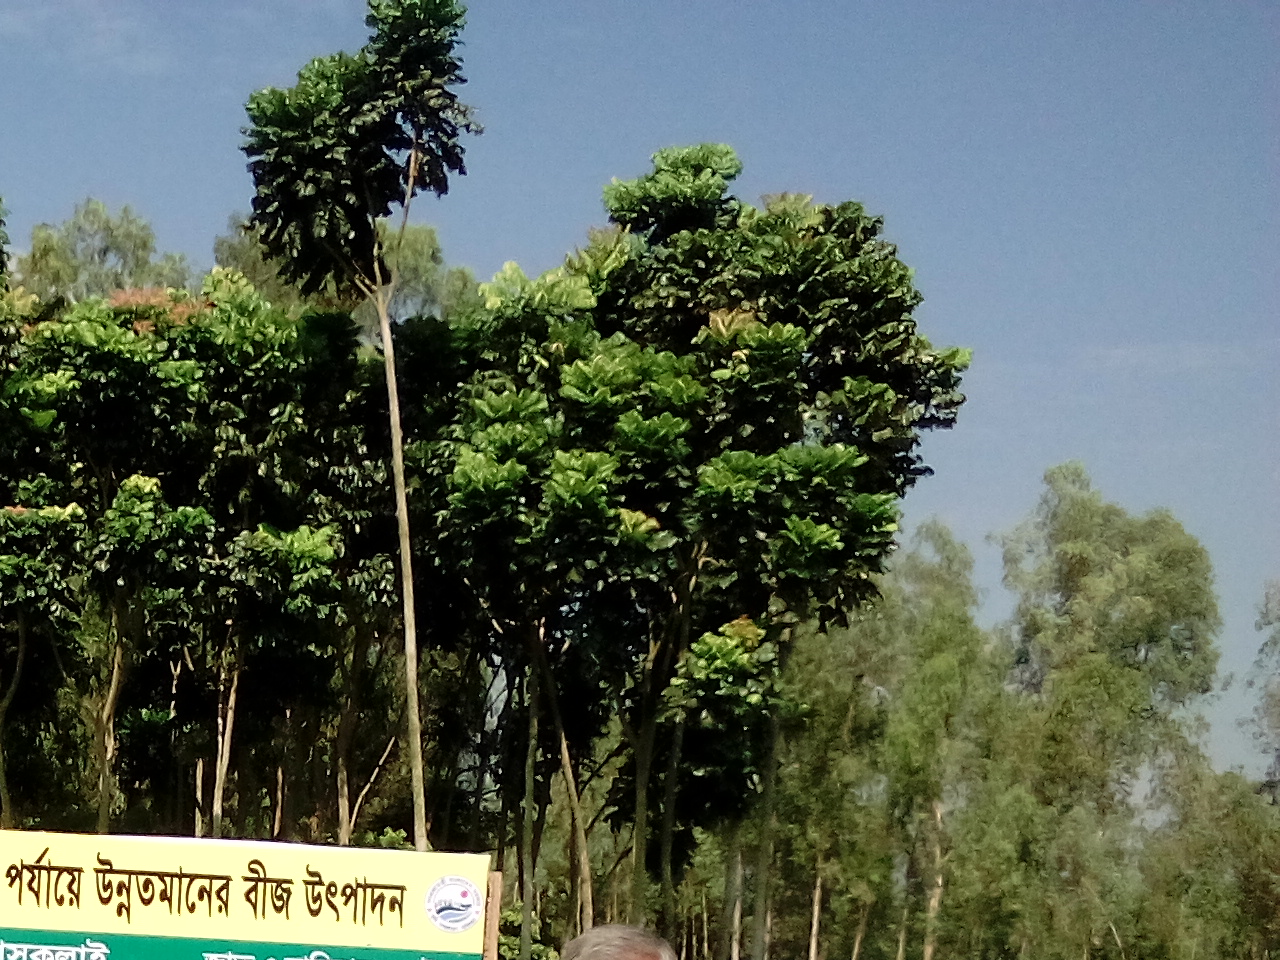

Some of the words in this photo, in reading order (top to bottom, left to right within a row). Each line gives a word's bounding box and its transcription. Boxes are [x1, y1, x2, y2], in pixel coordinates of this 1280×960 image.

[5, 847, 84, 910] পর্যায়ে
[93, 852, 233, 924] উন্নতমানের
[242, 859, 294, 920] বীজ
[302, 864, 407, 928] উৎপাদন
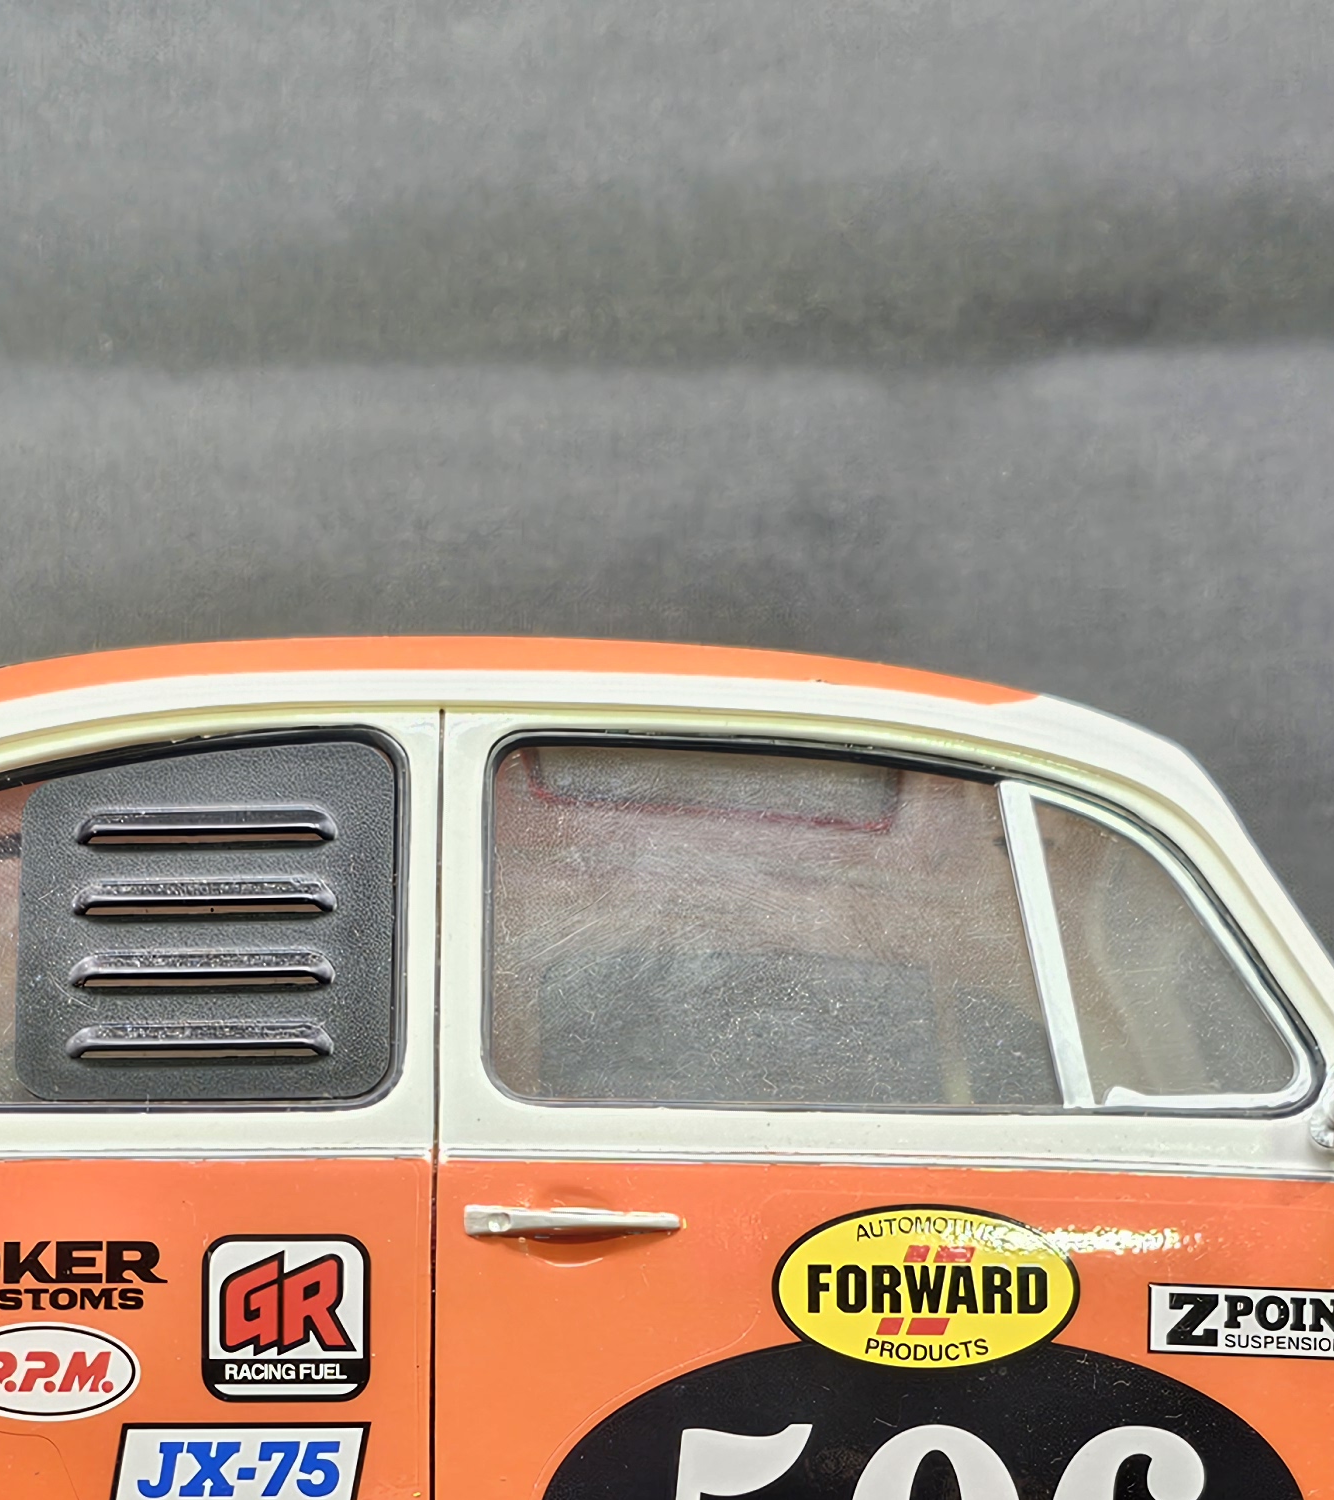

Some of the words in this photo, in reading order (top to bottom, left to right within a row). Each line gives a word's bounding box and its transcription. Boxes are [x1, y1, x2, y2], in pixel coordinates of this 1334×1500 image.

[219, 1250, 357, 1356] GR
[807, 1264, 1048, 1314] FORWARD
[224, 1363, 296, 1380] RACING
[299, 1363, 348, 1380] FUEL
[865, 1338, 989, 1361] PRODUCTS
[137, 1441, 341, 1498] JX-75
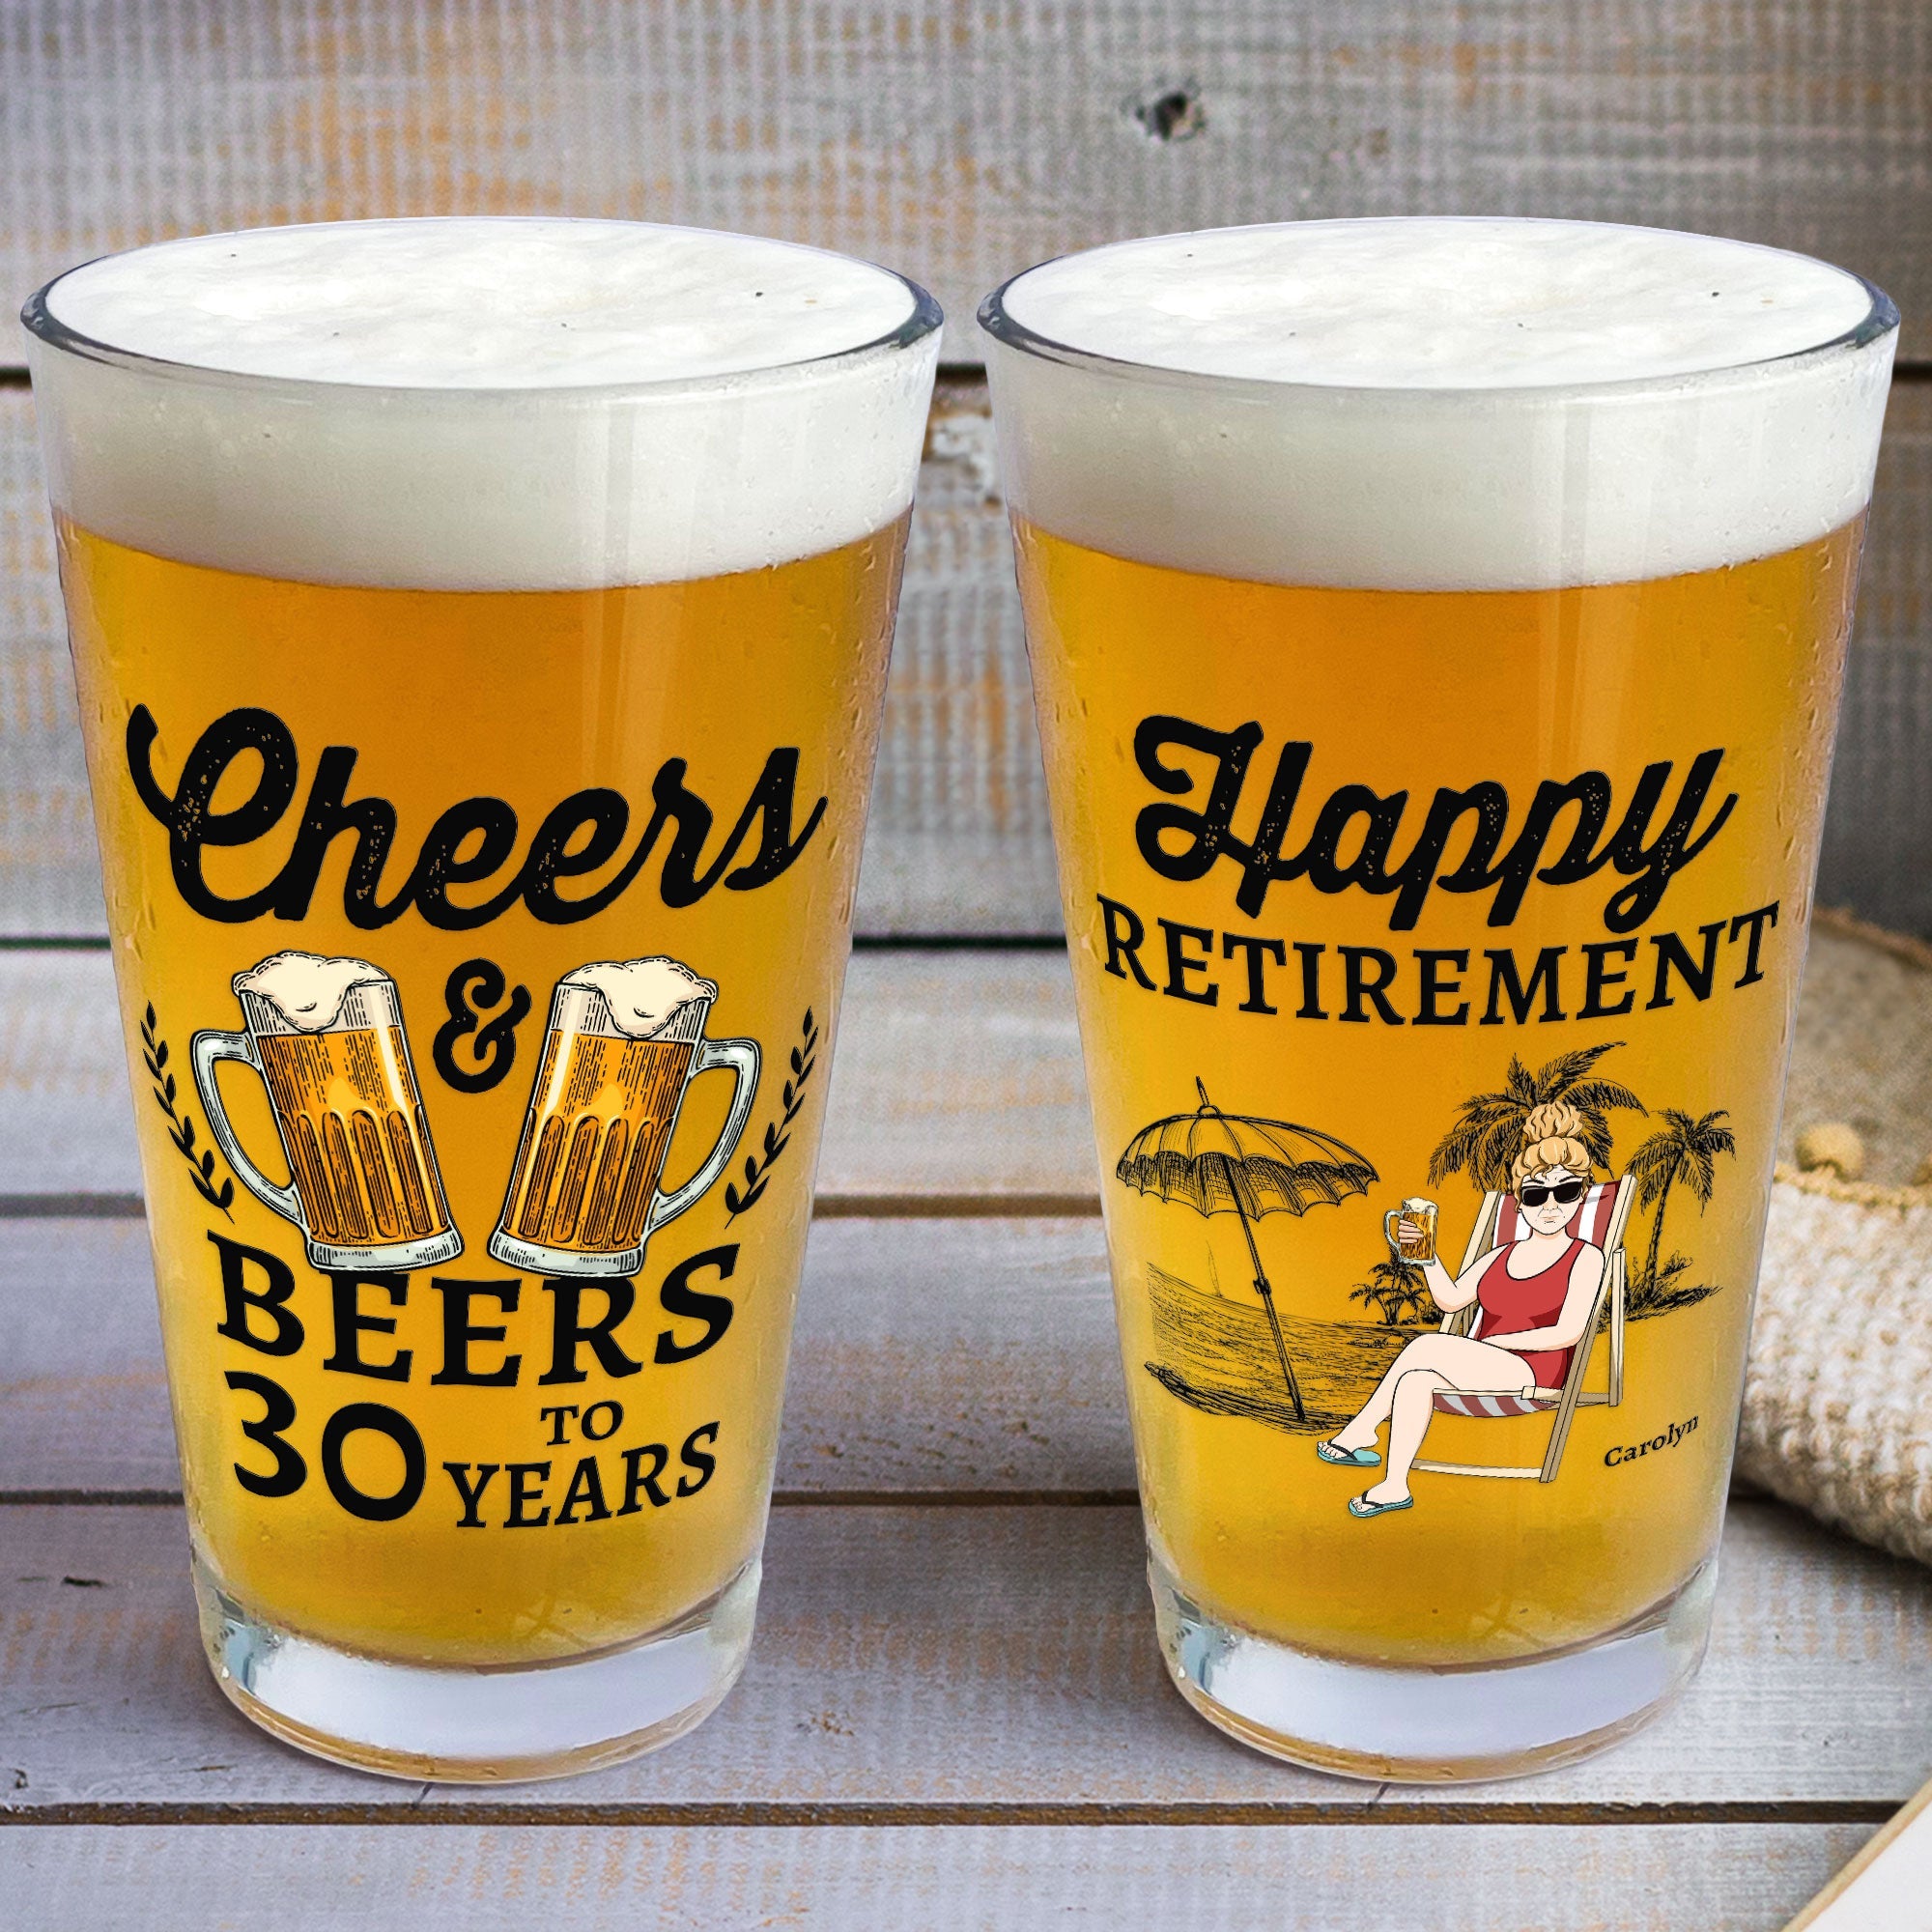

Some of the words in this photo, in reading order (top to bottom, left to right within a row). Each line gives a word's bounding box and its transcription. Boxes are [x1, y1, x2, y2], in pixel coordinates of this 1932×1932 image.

=====

◆ **Problem statement**: Reproduce each line above exactly, but not a single picture.

◆ **The completed task**:
Some of the words in this photo, in reading order (top to bottom, left to right within a row). Each line gives a word's bounding box and its transcription. Boxes are [x1, y1, x2, y2], in pixel coordinates of this 1280×960 image.

[5, 847, 84, 910] পর্যায়ে
[93, 852, 233, 924] উন্নতমানের
[242, 859, 294, 920] বীজ
[302, 864, 407, 928] উৎপাদন

Some of the words in this photo, in reading order (top to bottom, left to right within a row). Each line gives a word's bounding box and its transcription. Boxes are [x1, y1, x2, y2], in pixel coordinates of this 1334×1500 image.

[219, 1250, 357, 1356] GR
[807, 1264, 1048, 1314] FORWARD
[224, 1363, 296, 1380] RACING
[299, 1363, 348, 1380] FUEL
[865, 1338, 989, 1361] PRODUCTS
[137, 1441, 341, 1498] JX-75

Some of the words in this photo, in reading order (top to bottom, left to right within a row). Each line gives a word's bounding box and its transcription. Boxes are [x1, y1, x2, y2], in pixel coordinates of this 1932×1932 image.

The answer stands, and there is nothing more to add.